# taz.de -- Debatte um Fachkräfteeinwanderungsgesetz: Weg frei für Fachkräfte
       
       > Die Ampelfraktionen wollen am Freitag das Fachkräfteeinwanderungsgesetz
       > verabschieden. Neue Daten wecken Zweifel an der Fairness der
       > Westbalkanregelung.
       
 (IMG) Bild: Personen, die über die Westbalkanregelung einreisen, enden in Deutschland oft in schlecht bezahlten Jobs
       
       BERLIN taz | Die Fraktionen von SPD, Grünen und FDP wollen am Freitag im
       Bundestag das neue Fachkräfteeinwanderungsgesetz verabschieden. Durch
       Vereinfachungen und abgesenkte Hürden sollen mehr Arbeitnehmer*innen
       aus Nicht-EU-Staaten nach Deutschland gelockt werden. Ebenfalls beschlossen
       wird ein Gesetz zur Stärkung der Ausbildungen in Deutschland. Und auch die
       sogenannte Westbalkanregelung soll verlängert und ausgeweitet werden.
       
       Hintergrund der Pläne ist der [1][Fachkräftemangel in Deutschland].

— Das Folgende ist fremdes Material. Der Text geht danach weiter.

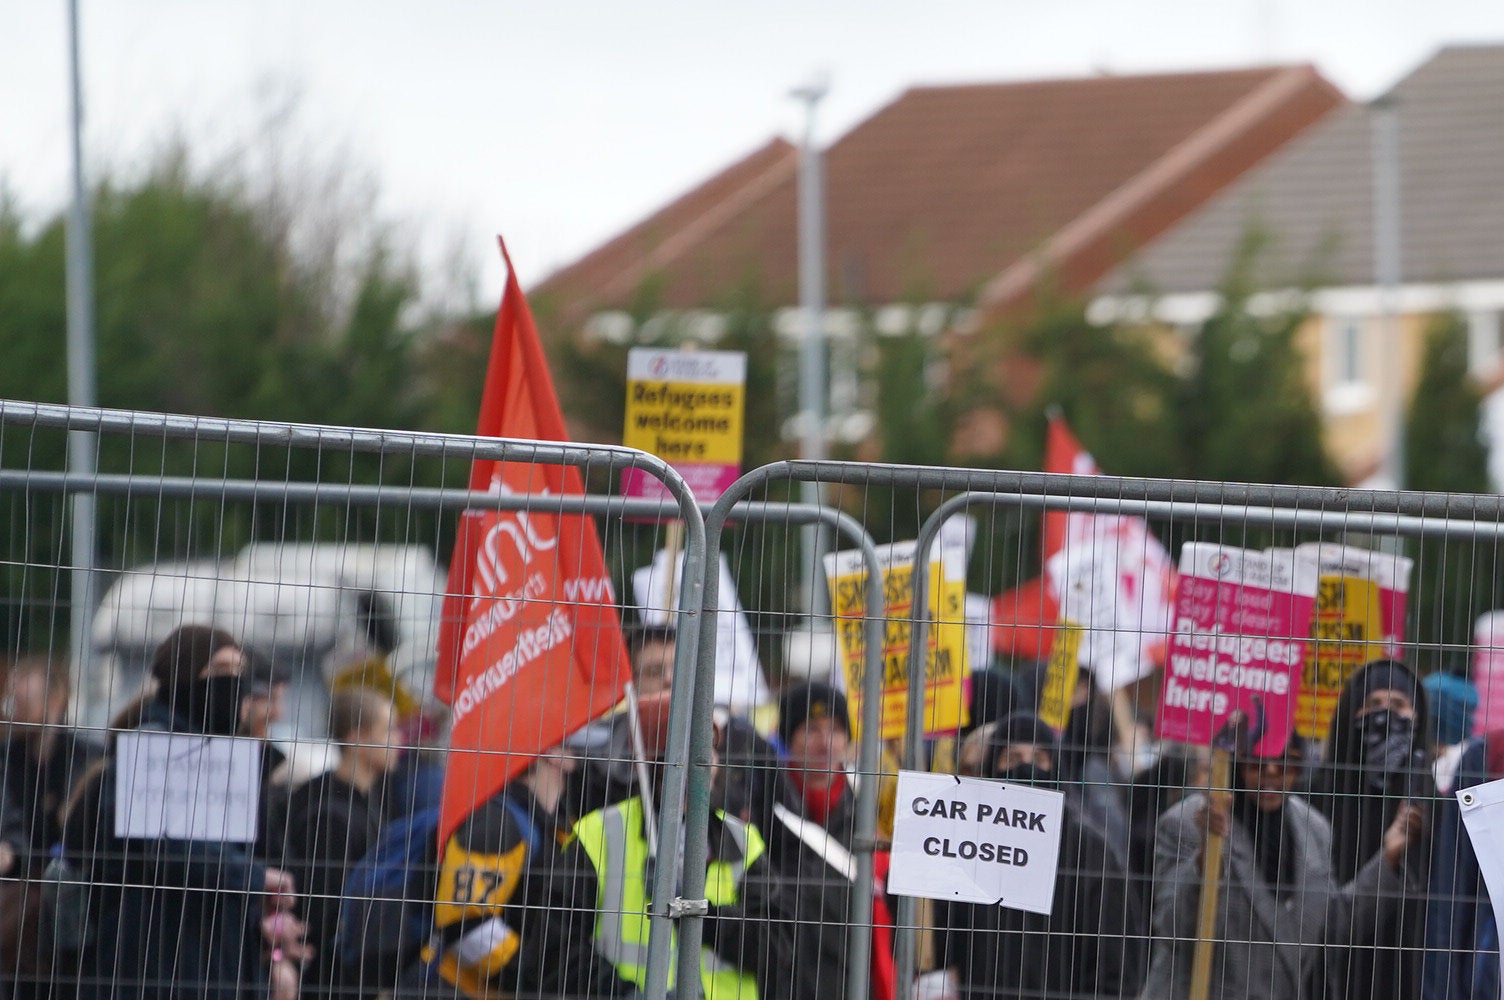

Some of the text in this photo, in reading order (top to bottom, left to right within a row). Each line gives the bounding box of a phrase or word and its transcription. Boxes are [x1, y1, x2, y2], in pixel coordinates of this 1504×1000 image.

       Mindestens 400.000 spezialisierte Arbeitskräfte müssten künftig jährlich
       einreisen, um die Lücke auf dem deutschen Arbeitsmarkt zu füllen – ein
       Wert, von dem Deutschland derzeit weit entfernt ist. Um das zu ändern,
       sieht das Fachkräfteeinwanderungsgesetz vor, dass Ausländer*innen mit
       in Deutschland anerkanntem Berufsabschluss künftig auch dann einreisen
       dürfen, wenn sie eine Jobzusage in einer Branche haben, für die ihr
       Abschluss sie nicht direkt prädestiniert. Außerdem sollen die Lohngrenzen
       abgesenkt werden und der Familiennachzug erleichtert werden.
       
       Auch wessen Berufsabschluss in Deutschland nicht anerkannt ist, soll
       einreisen dürfen, sofern er oder sie ein Jobangebot hat und zwei Jahre
       Berufserfahrung vorweisen kann. Zudem soll es möglich sein, die Anerkennung
       des Abschlusses erst nach Arbeitsantritt in Deutschland vornehmen zu
       lassen.
       
       Schließlich bietet das Gesetz auch die Möglichkeit, ohne Jobzusage nach
       Deutschland zu kommen und sich erst hier nach einer Stelle umzusehen. Dafür
       [2][wird ein Punktesystem eingeführt]. Bewertet werden etwa Qualifikation,
       Sprachkenntnisse und Alter. Wer über einer gewissen Punktzahl liegt, darf
       einreisen.
       
       ## Westbalkanregelung soll entfristet und ausgeweitet werden
       
       Zuletzt hatten die Ampelfraktionen auch einen Spurwechselmechanismus für
       Asylbewerber*innen in den Gesetzentwurf mit aufgenommen. Geflüchtete
       sollen unabhängig vom Asylantrag bleiben dürfen, wenn sie einen Job finden.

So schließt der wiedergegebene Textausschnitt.